WORK INSTRUCTIONS.
Apart from the images, repeat the data below exactly as written.

DATA SECTION.
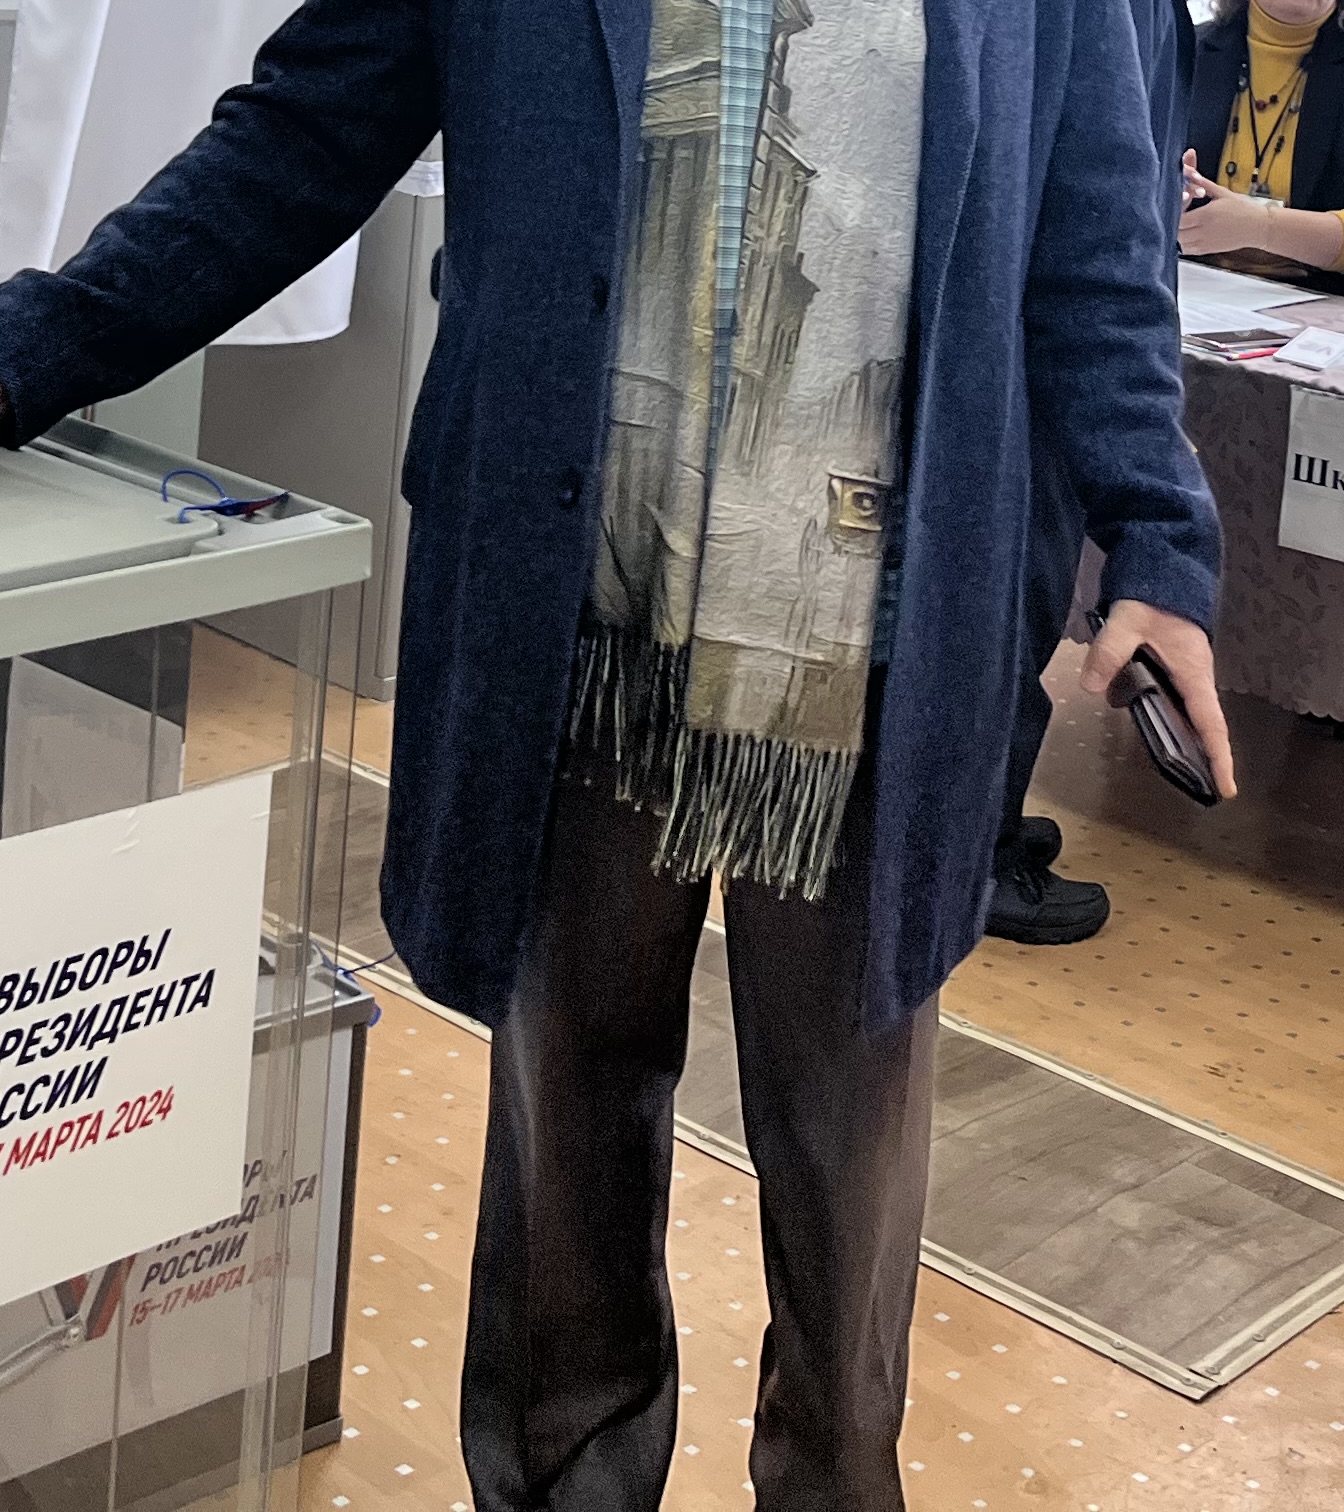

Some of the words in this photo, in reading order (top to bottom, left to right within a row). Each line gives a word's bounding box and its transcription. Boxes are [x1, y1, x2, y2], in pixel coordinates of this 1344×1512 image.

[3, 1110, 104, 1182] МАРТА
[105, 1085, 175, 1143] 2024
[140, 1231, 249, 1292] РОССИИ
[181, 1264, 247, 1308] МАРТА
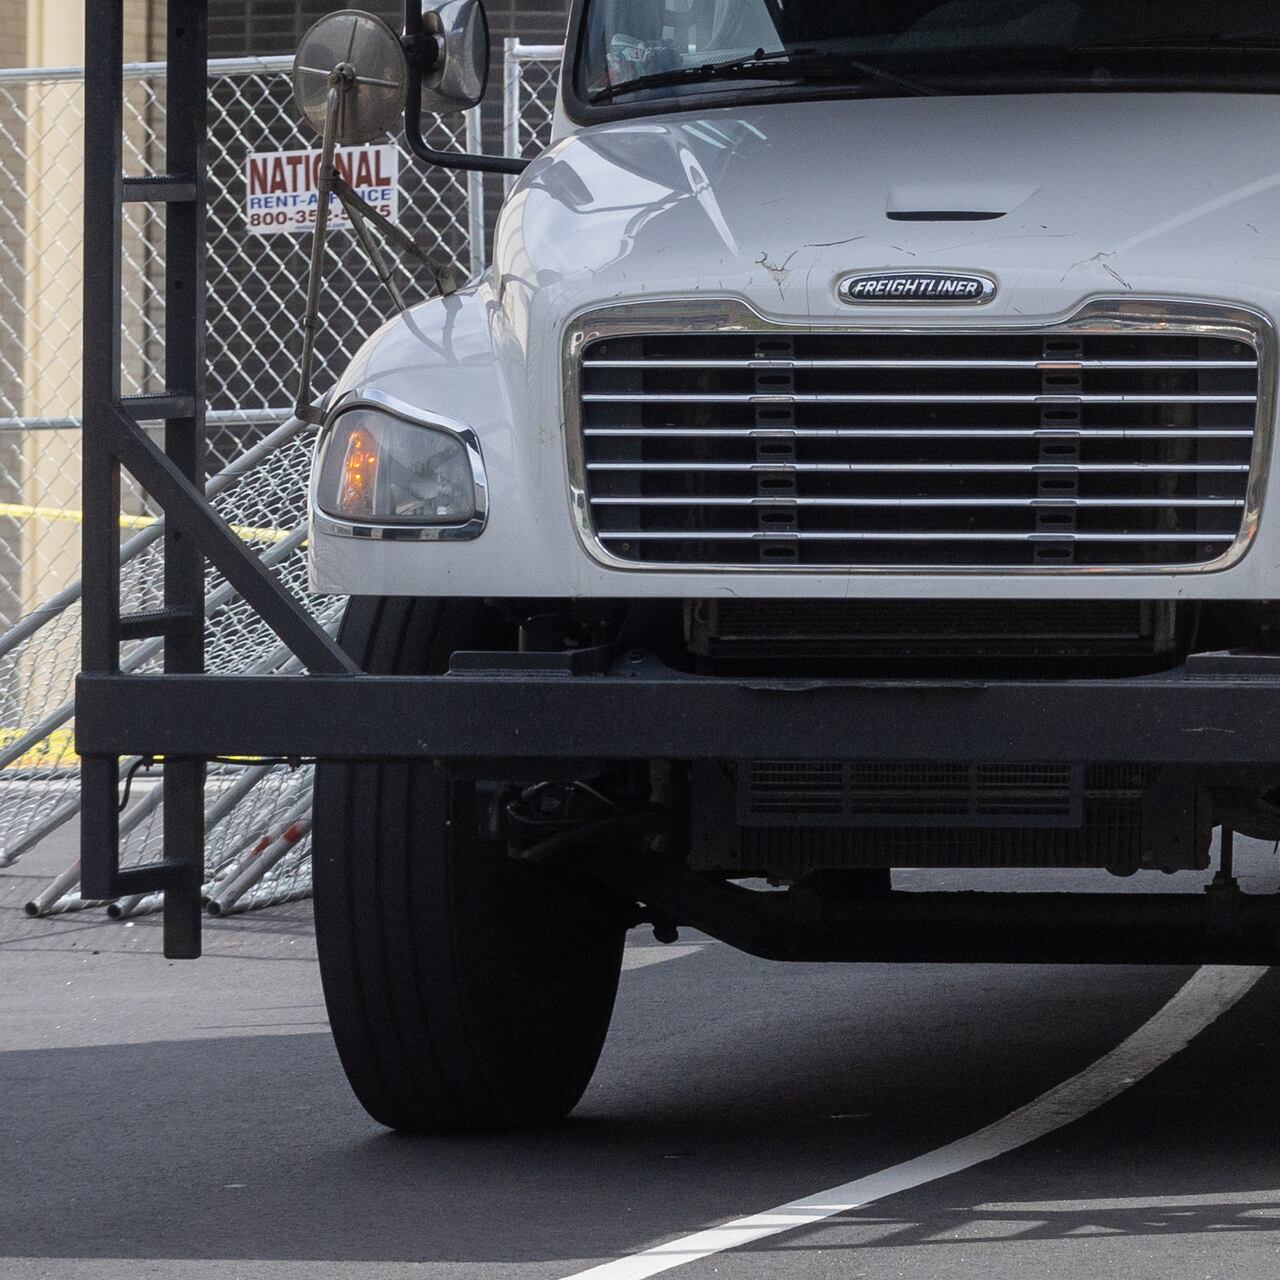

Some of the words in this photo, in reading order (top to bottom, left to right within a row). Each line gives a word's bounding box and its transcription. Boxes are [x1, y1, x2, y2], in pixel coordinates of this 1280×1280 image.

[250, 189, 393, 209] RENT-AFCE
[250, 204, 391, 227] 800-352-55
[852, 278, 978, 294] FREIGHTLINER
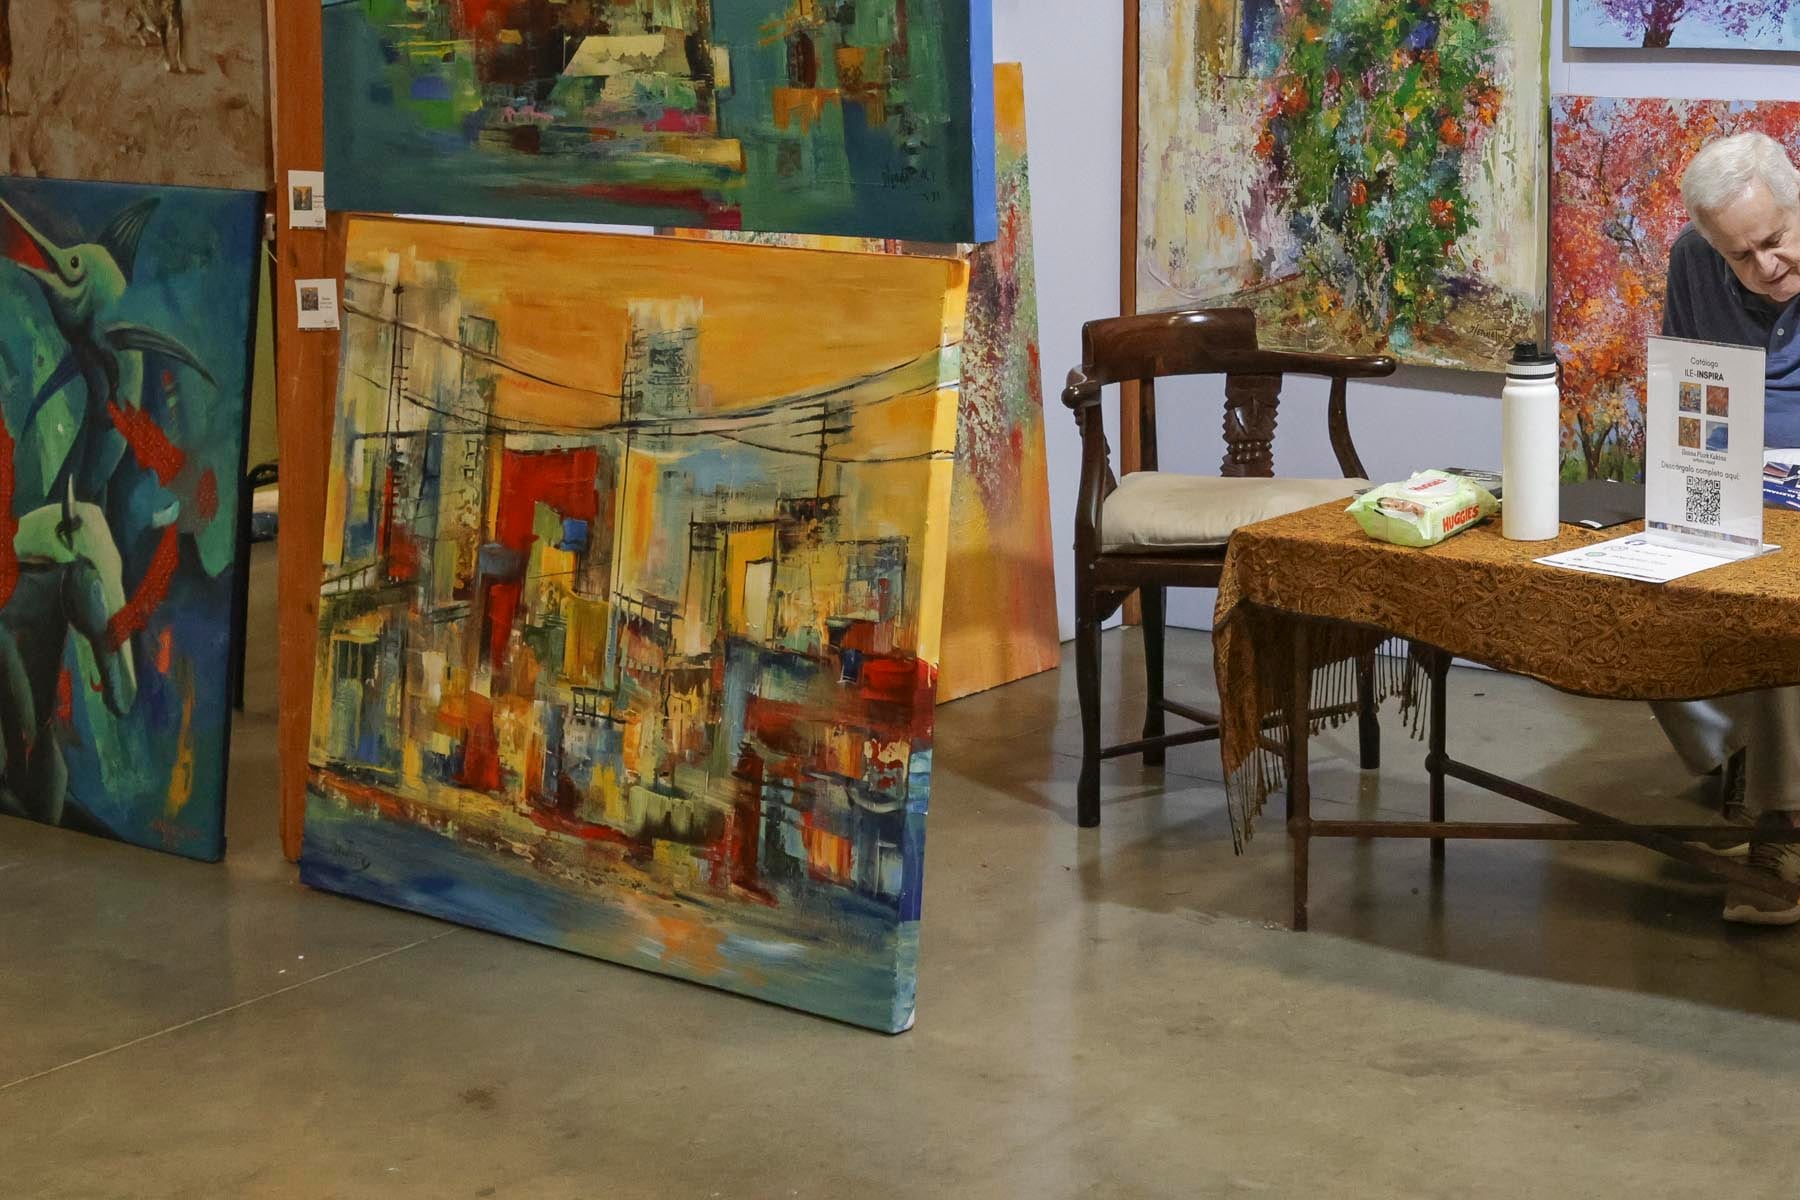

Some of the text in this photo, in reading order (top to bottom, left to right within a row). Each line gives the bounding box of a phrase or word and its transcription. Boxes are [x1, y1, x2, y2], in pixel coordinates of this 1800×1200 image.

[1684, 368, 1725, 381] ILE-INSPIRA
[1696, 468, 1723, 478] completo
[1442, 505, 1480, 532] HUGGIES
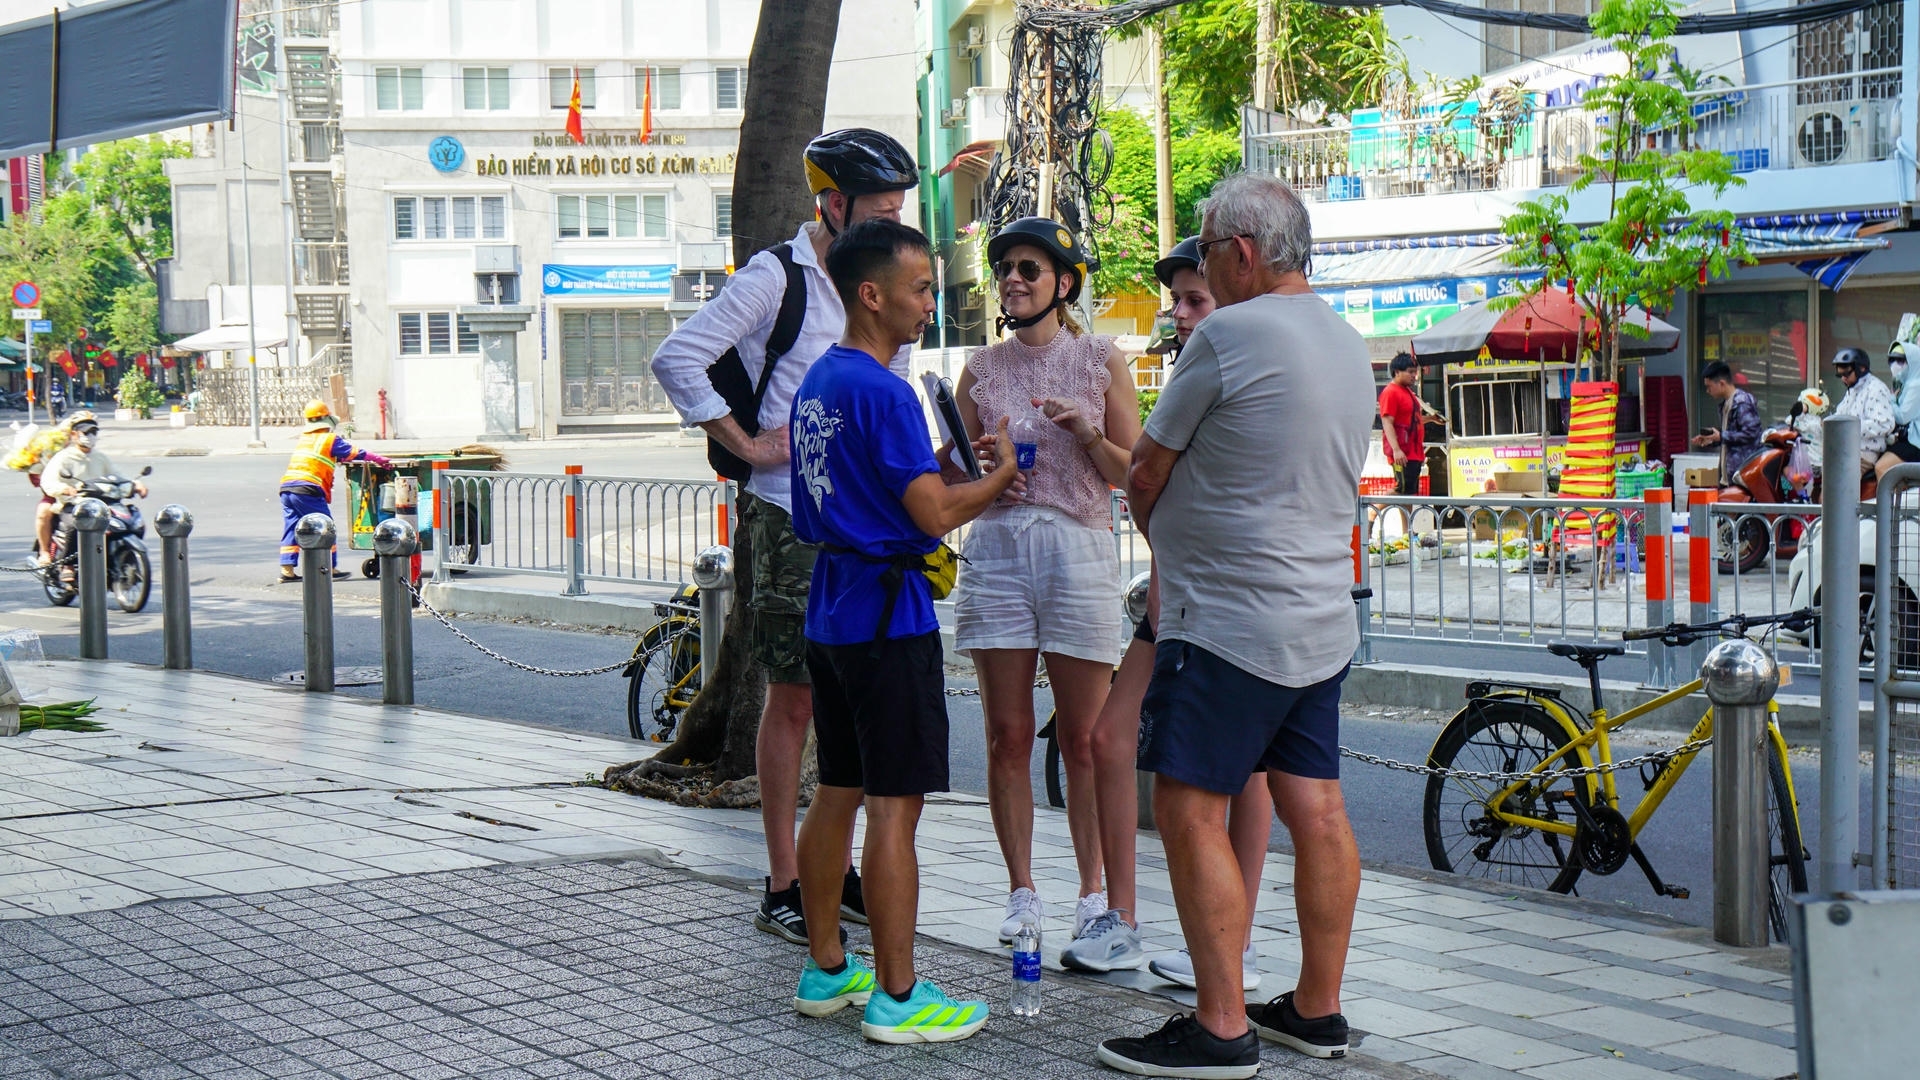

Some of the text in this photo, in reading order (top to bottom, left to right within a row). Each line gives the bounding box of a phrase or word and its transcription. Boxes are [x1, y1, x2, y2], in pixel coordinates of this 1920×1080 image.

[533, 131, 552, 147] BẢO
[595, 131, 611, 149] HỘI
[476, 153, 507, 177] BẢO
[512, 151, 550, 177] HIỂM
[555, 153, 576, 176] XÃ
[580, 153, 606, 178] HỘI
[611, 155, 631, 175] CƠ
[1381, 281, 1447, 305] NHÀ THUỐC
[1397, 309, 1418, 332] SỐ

ANSWER TO THE EXERCISE.
Some of the words in this photo, in reading order (top to bottom, left to right within a row). Each line gives a word's bounding box and its transcription. Boxes are [x1, y1, x2, y2], in pixel coordinates of this 1344×1512 image.

[3, 1110, 104, 1182] МАРТА
[105, 1085, 175, 1143] 2024
[140, 1231, 249, 1292] РОССИИ
[181, 1264, 247, 1308] МАРТА

Some of the words in this photo, in reading order (top to bottom, left to right within a row). Each line gives a word's bounding box and its transcription. Boxes are [x1, y1, x2, y2], in pixel coordinates of this 1280×1280 image.

[250, 189, 393, 209] RENT-AFCE
[250, 204, 391, 227] 800-352-55
[852, 278, 978, 294] FREIGHTLINER

Some of the text in this photo, in reading order (top to bottom, left to right within a row). Each line gives the bounding box of a phrase or word and its transcription. Boxes are [x1, y1, x2, y2], in pixel coordinates of this 1800×1200 image.

[1684, 368, 1725, 381] ILE-INSPIRA
[1696, 468, 1723, 478] completo
[1442, 505, 1480, 532] HUGGIES

Some of the text in this photo, in reading order (top to bottom, left to right within a row). Each line gives the bounding box of a phrase or word and its transcription. Boxes are [x1, y1, x2, y2], in pixel coordinates of this 1920×1080 image.

[533, 131, 552, 147] BẢO
[595, 131, 611, 149] HỘI
[476, 153, 507, 177] BẢO
[512, 151, 550, 177] HIỂM
[555, 153, 576, 176] XÃ
[580, 153, 606, 178] HỘI
[611, 155, 631, 175] CƠ
[1381, 281, 1447, 305] NHÀ THUỐC
[1397, 309, 1418, 332] SỐ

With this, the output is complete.